Understand some of the background behind the open source project R
Learn to avoid some common difficulties that first-time R users tend to encounter
Start transitioning away from “spreadsheet”-style thinking and into “R”-style problem-solving
Let’s assume you’ve downloaded R to your computer and are getting all excited to start down the path of learning statistical computing. You maybe don’t quite know what “statistical computing” is–other than that it sounds exciting! So hopefully you’re wondering by now: What the heck is R? Let’s start by looking at a really boring definition, and then pick it apart a bit:
“R is a language and environment for statistical computing and graphics. […] R provides a wide variety of statistical (linear and nonlinear modelling, classical statistical tests, time-series analysis, classification, clustering, …) and graphical techniques, and is highly extensible. […] R is available as Free Software under the terms of the Free Software Foundation’s GNU General Public License in source code form.”
So, what does this mean?…
“R is a language and environment for statistical computing”: This means that R doesn’t look like Excel or other spreadsheet programs you may be used to. Instead, R looks a lot more like programming languages such as Python or Java. Using R, you will be using functions and writing code snippets that are very similar to those used in other programming languages, but that have a special emphasis on data analysis and visualization. (Note: Python, Java, and other programming languages also have data analysis and visualization capabilities, but they are not quite as optimized for these tasks as R is!)

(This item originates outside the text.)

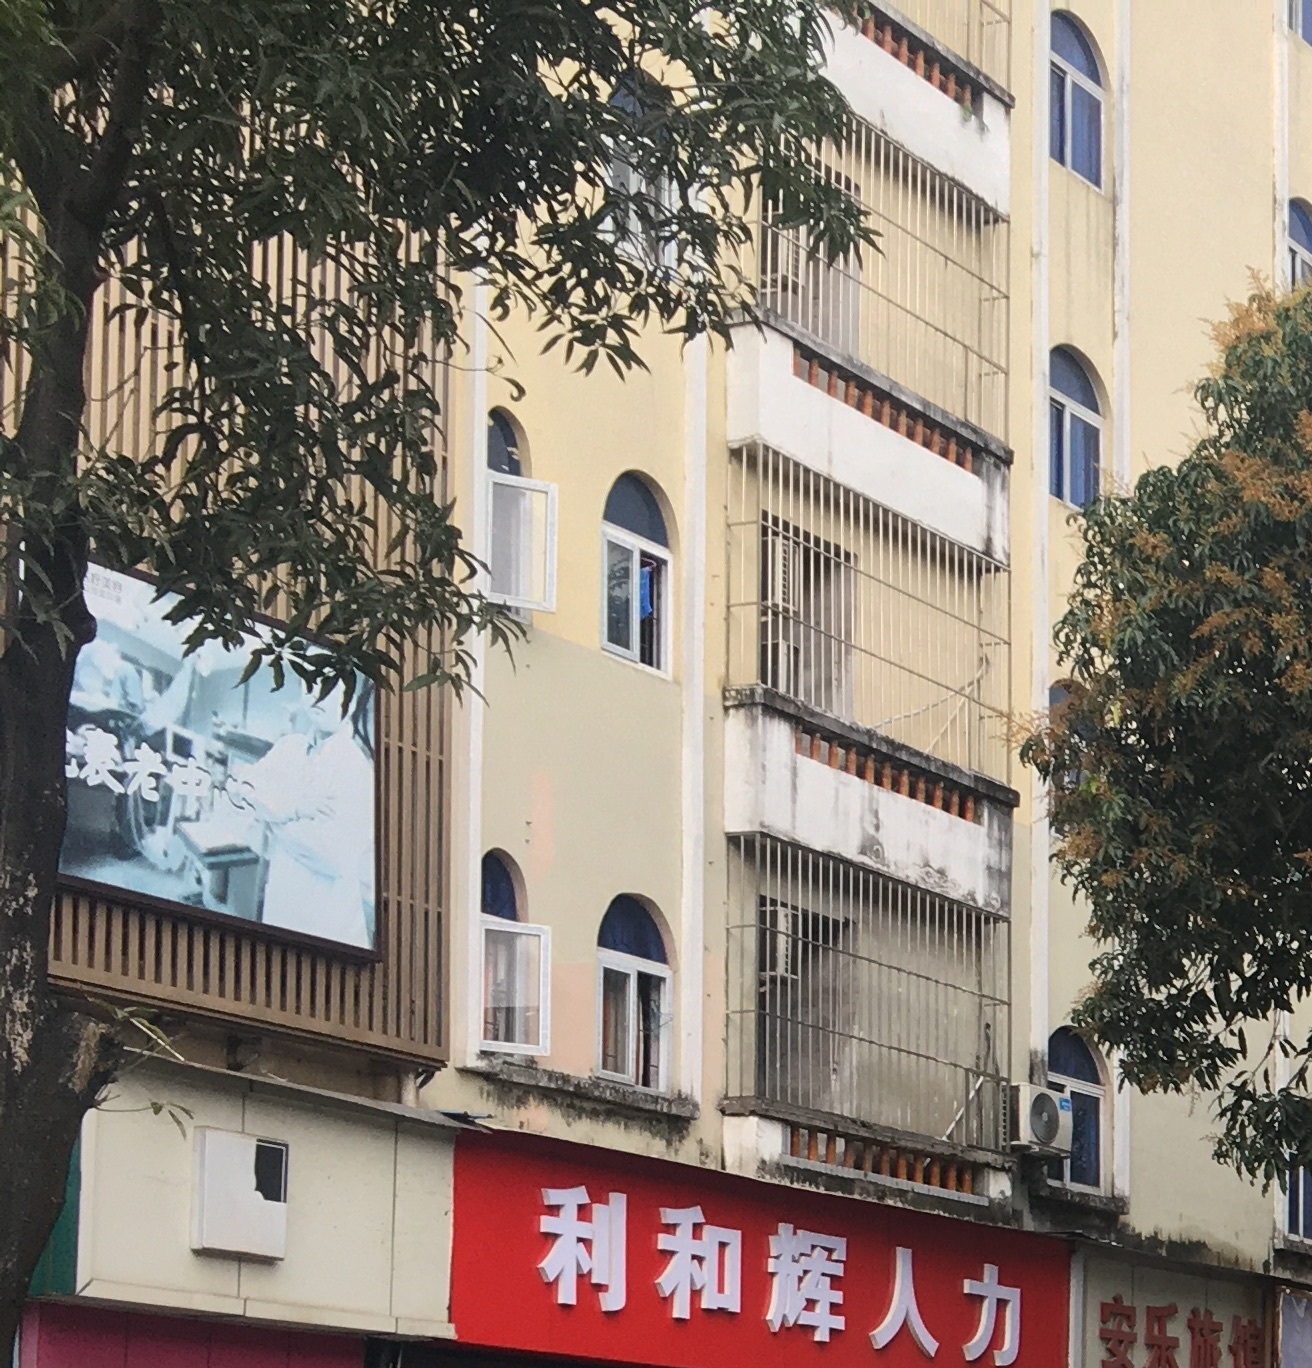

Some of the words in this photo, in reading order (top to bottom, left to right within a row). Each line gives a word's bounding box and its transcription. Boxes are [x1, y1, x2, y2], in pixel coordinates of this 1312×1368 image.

[537, 1186, 1023, 1367] 利和辉人力

“R is highly extensible”: This means that people can write packages for R and share them with other R users. For example, let’s say you wanted to write a package that lets people make graphs and charts that look like web comics. You could write a packages that does that, and then share it back to the R user community for others to use. (In fact, this has already been done!)

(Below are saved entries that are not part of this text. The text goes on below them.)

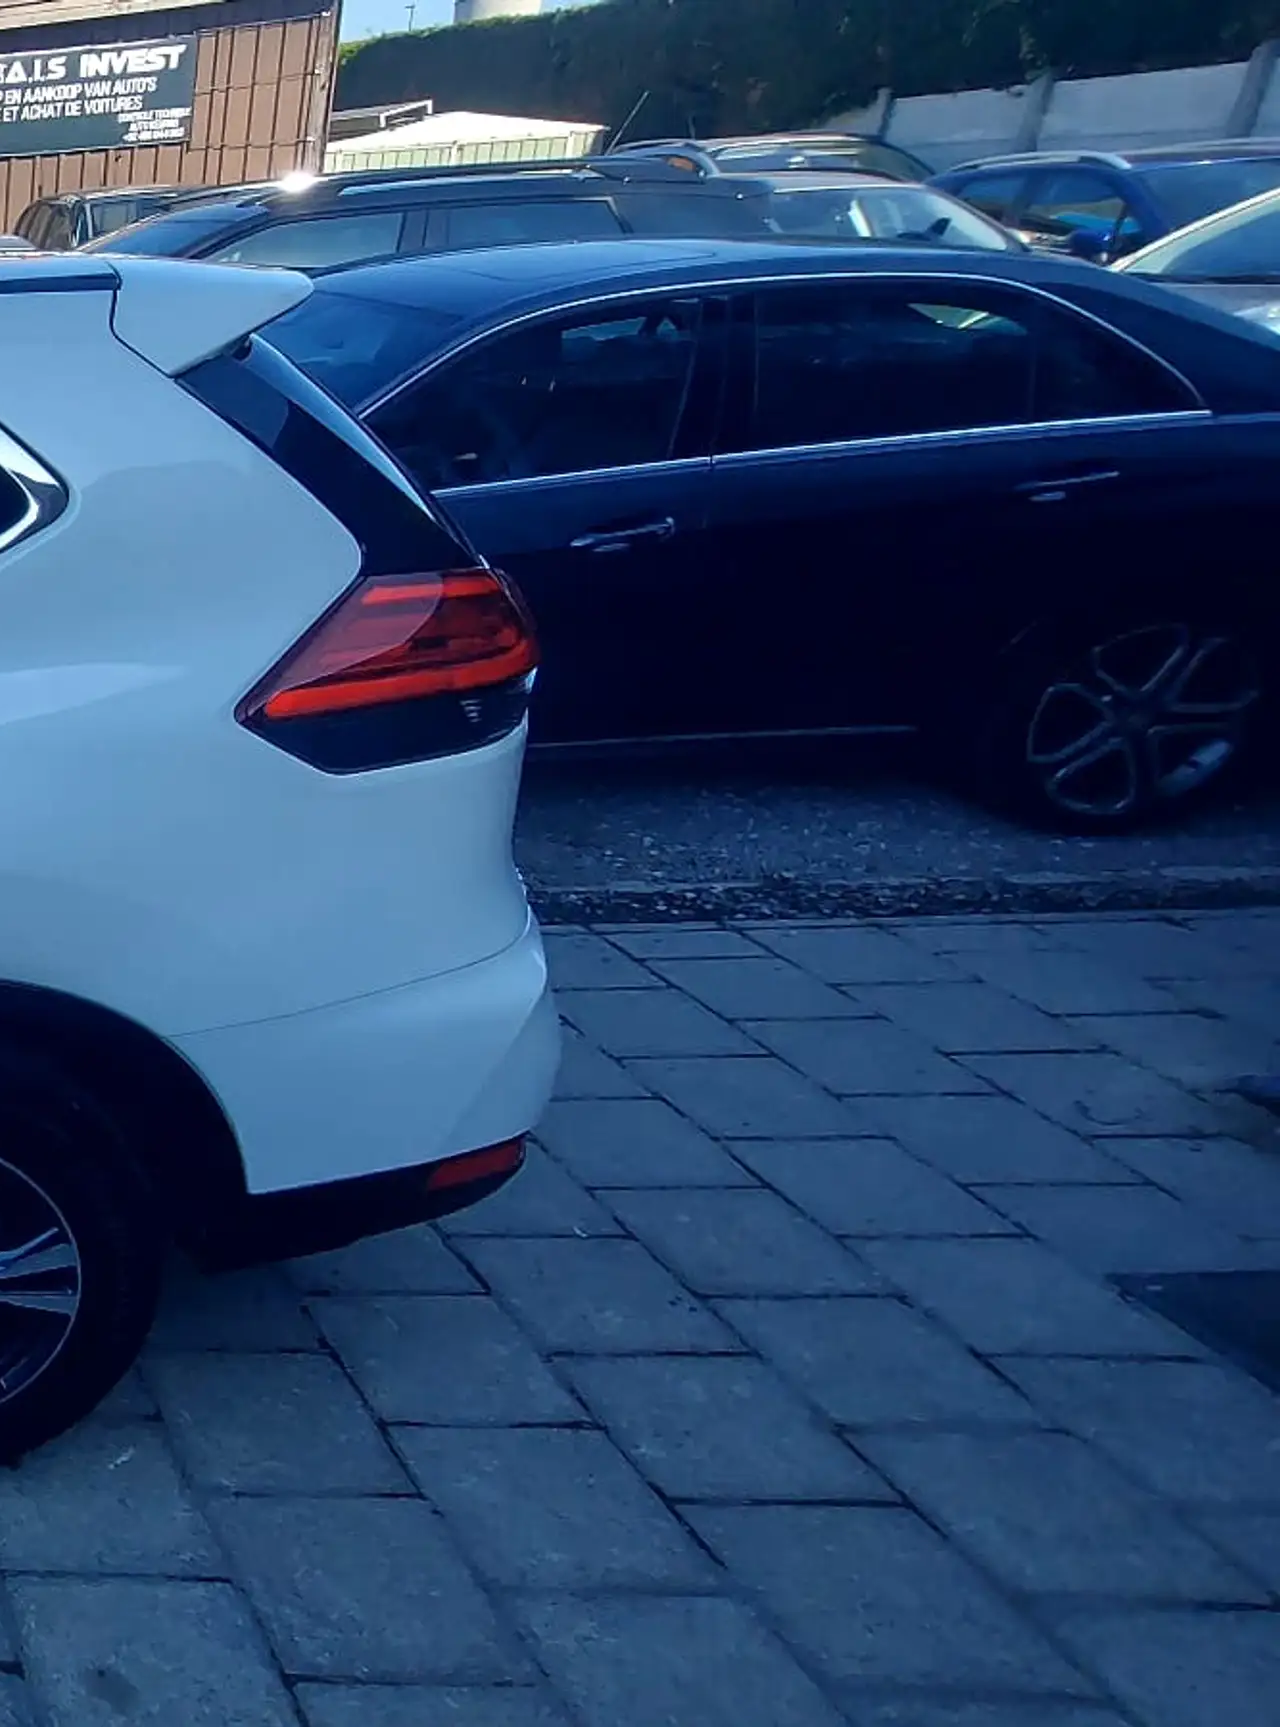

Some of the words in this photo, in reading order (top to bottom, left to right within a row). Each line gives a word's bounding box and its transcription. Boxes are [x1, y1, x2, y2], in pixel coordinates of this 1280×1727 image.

[80, 44, 188, 78] INVEST
[5, 88, 23, 107] EN
[23, 82, 83, 104] AANKOOP
[83, 80, 114, 99] VAN
[3, 105, 19, 122] ET
[21, 101, 64, 121] ACHAT
[64, 99, 83, 117] DE
[83, 95, 144, 115] VOITURES

“R is available as Free Software”: This means that there is essentially a large, global group of geeks who is responsible for maintaining and distributing the R software and the various packages that are available for R. This group is called CRAN–the “Comprehensive R Archive Network”–and they distribute the R software to you and other students and scientists around the world for free! If you have already downloaded R onto your computer, you probably got the software from their website. R is the result of a massive amount of collaboration and coordination between data geeks around the world!
Now that you have some background on where R comes from and how it is connected to a broader global community, here are some tips you should keep in mind as you get started learning R…

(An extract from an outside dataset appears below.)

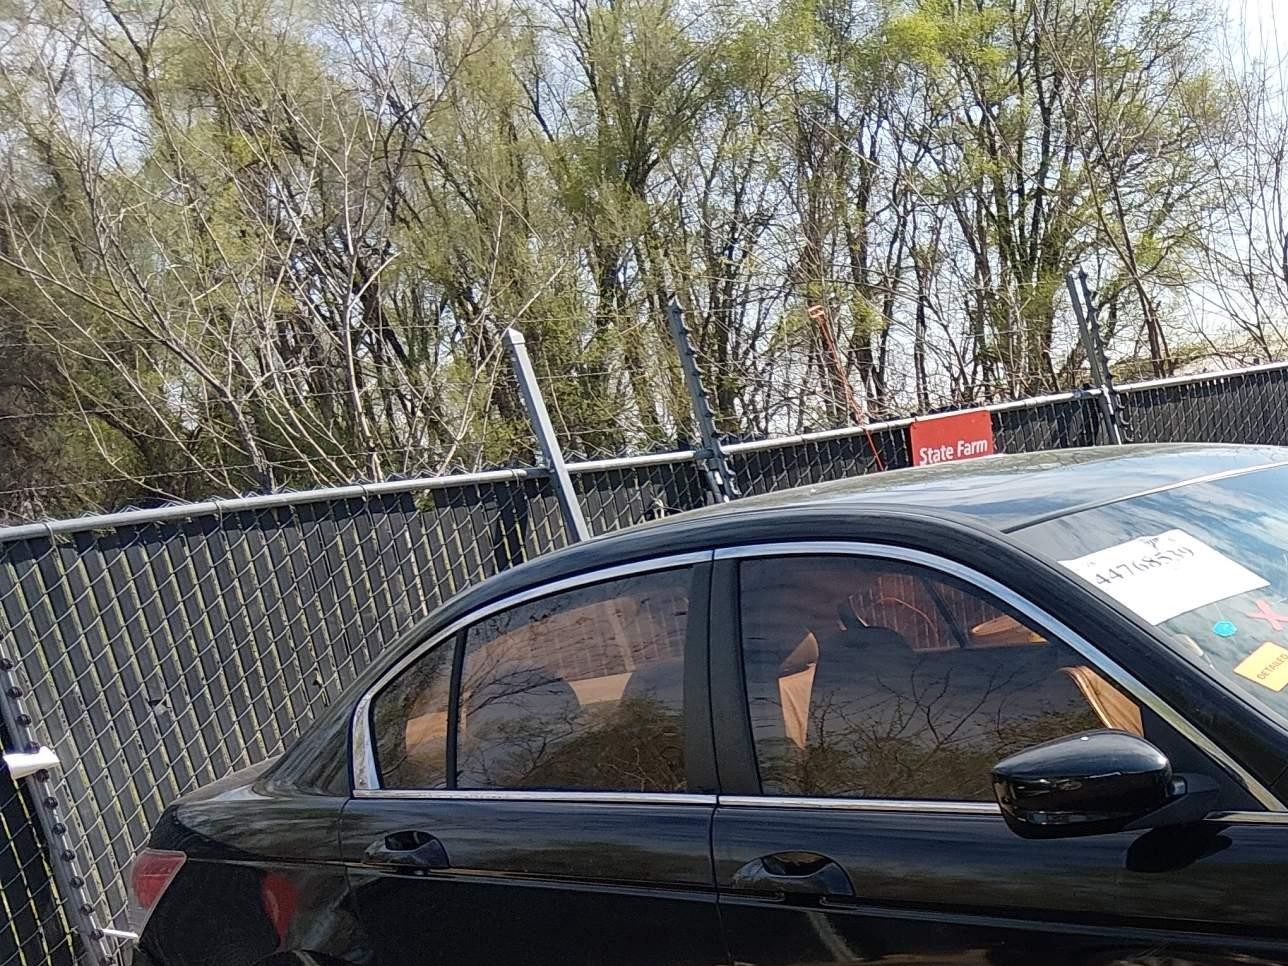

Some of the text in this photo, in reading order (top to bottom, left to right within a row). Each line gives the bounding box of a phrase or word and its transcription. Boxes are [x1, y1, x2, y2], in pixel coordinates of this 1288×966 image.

[919, 439, 988, 465] State Farm
[1095, 546, 1195, 585] 44768539
[1256, 653, 1288, 680] DETAILED

In general, it is best to create a separate folder for each project you’re working on, and keep all of your files for that project within the same folder. This is because R is very specific in how it looks for files on your computer. It always starts in what R calls the “working directory”. The working directory is essentially just a folder on your computer that R has flagged to say: “Start here! When you’re looking for things, start here first!”. You can also change your working directory whenever you need to, so that R starts looking for files in a different place.
When you’re working on a project, then, the best way to keep track of your files is to keep them all together in a separate folder on your computer. When you start R Studio, use the “Files” tab to navigate into that folder. Once you’re in your project folder in R Studio, select “More” > “Set As Working Directory” to let R know that you are going to be working on files that are located in that specific folder (“directory”). Do this at the start of each R session, and you will be able to write your R code so that it points directly to these files, and don’t have to preface your filenames with long filepath strings in order to locate your files.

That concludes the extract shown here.